Well, with an economy of language but with an absolute simplicity and clarity and purpose, the Minister has justified these provisions. I. think it is perfectly clear that what she is doing is simply saying that a defendant can be informed by registered letter of the offence with which he is charged. It is up to the defendant to take whatever action he wishes to defend himself. I appreciate that a person served in that way may be faced, theoretically, with the prospect of having to pay a heavy fine or of having to serve a gaol sentence.


Senator Murphy - Do you see any objection to a proviso which states that if a person does not appear and if the service is said to have been in that way he should not be sentenced to imprisonment?


Senator GREENWOOD - I do not see any objection, to that, but I do not see any benefit in it. I do not feel that the magistrate should be fettered in the type of penalty which he should be able to impose.

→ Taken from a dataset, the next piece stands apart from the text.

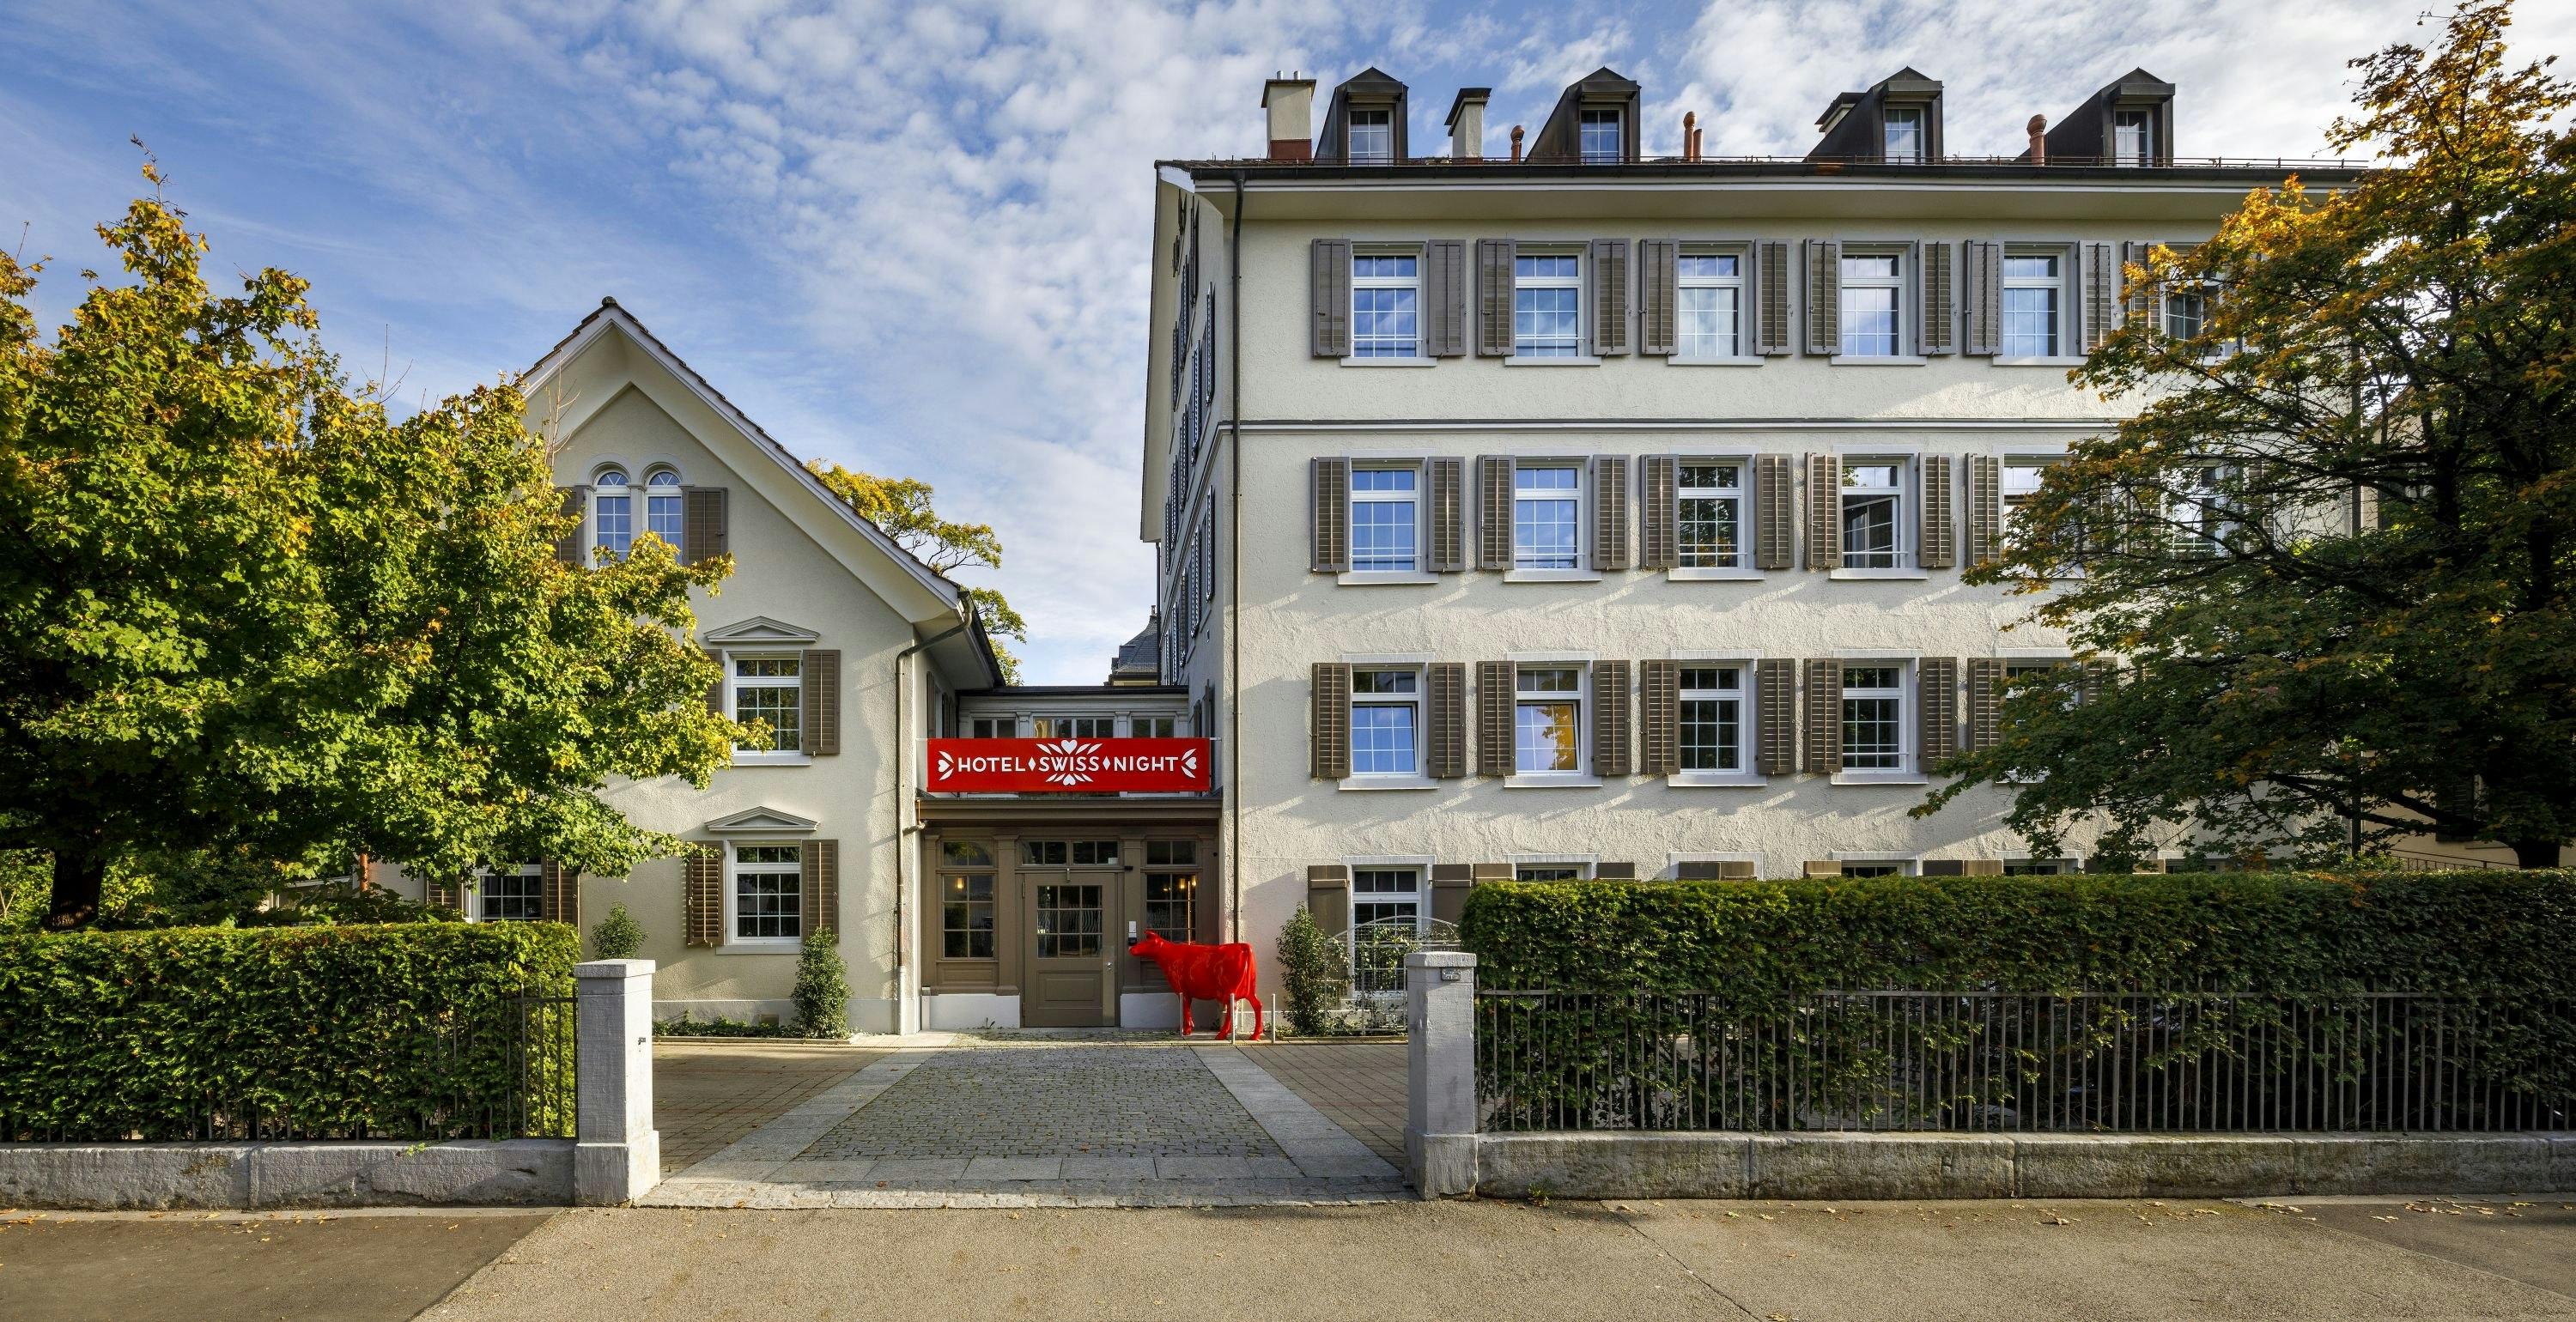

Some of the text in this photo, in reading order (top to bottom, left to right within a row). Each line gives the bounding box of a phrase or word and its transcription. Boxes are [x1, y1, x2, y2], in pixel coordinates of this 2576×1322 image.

[957, 755, 1179, 773] HOTEL SWISS NIGHT

Senator Murphy - If the case is such a bad one that the person served could be imprisoned, surely he should be served personally. Should not the PostmasterGeneral have him served personally?


Senator GREENWOOD - I still feel that Senator Murphy should not apply his ardour, which does him credit, so strenuously in this case. He is attempting to put the Postmaster-General in the position of a person who characterises the offence before the adjudication has taken place. If initially the Postmaster-General takes the view that a certain offence is of a serious character and that therefore it requires that the person shall be served by personal pro cess, while others can be served by post, he is going very close to adopting the role not only of prosecutor but also of judge; he is influencing the magistrate in the type of attitude that the magistrate should take to the offence.

I do not believe that any of the provisions suggested by Senator Murphy are necessary because, if the Committee agrees to the words suggested by the Government as a further amendment, the Act will contain an adequate means of setting aside any conviction arrived at where this means of service is used and where the letter is not received by the defendant. The legislation contains a provision that, if a person who has been served appears in court and says that he did not receive the letter, the court must then set aside the conviction. To me, that is a complete safeguard and I cannot sec that any other provision would be as satisfactory as that. All that a person who is faced with a conviction - be it a fine or a gaol sentence - has to say is that he never received the summons. If he satisfies the court that he did not receive the summons, the conviction has to be set aside. That is a necessary corollary of the system of service which is being proposed. As that safeguard does exist, I feel that the present system should be instituted, because of the problems associated with service of documents relating to common statutory offences. Police in the States have other jobs to do and should not be required to serve documents and because the system now being set up in the Commonwealth will mean that service can be effected by registered letter. The fact that all States are adopting a similar method of service should not conclusively determine the issue for the Commonwealth, but I think that is a relevant fact which we can bear in mind when supporting the action which the PostmasterGeneral has taken.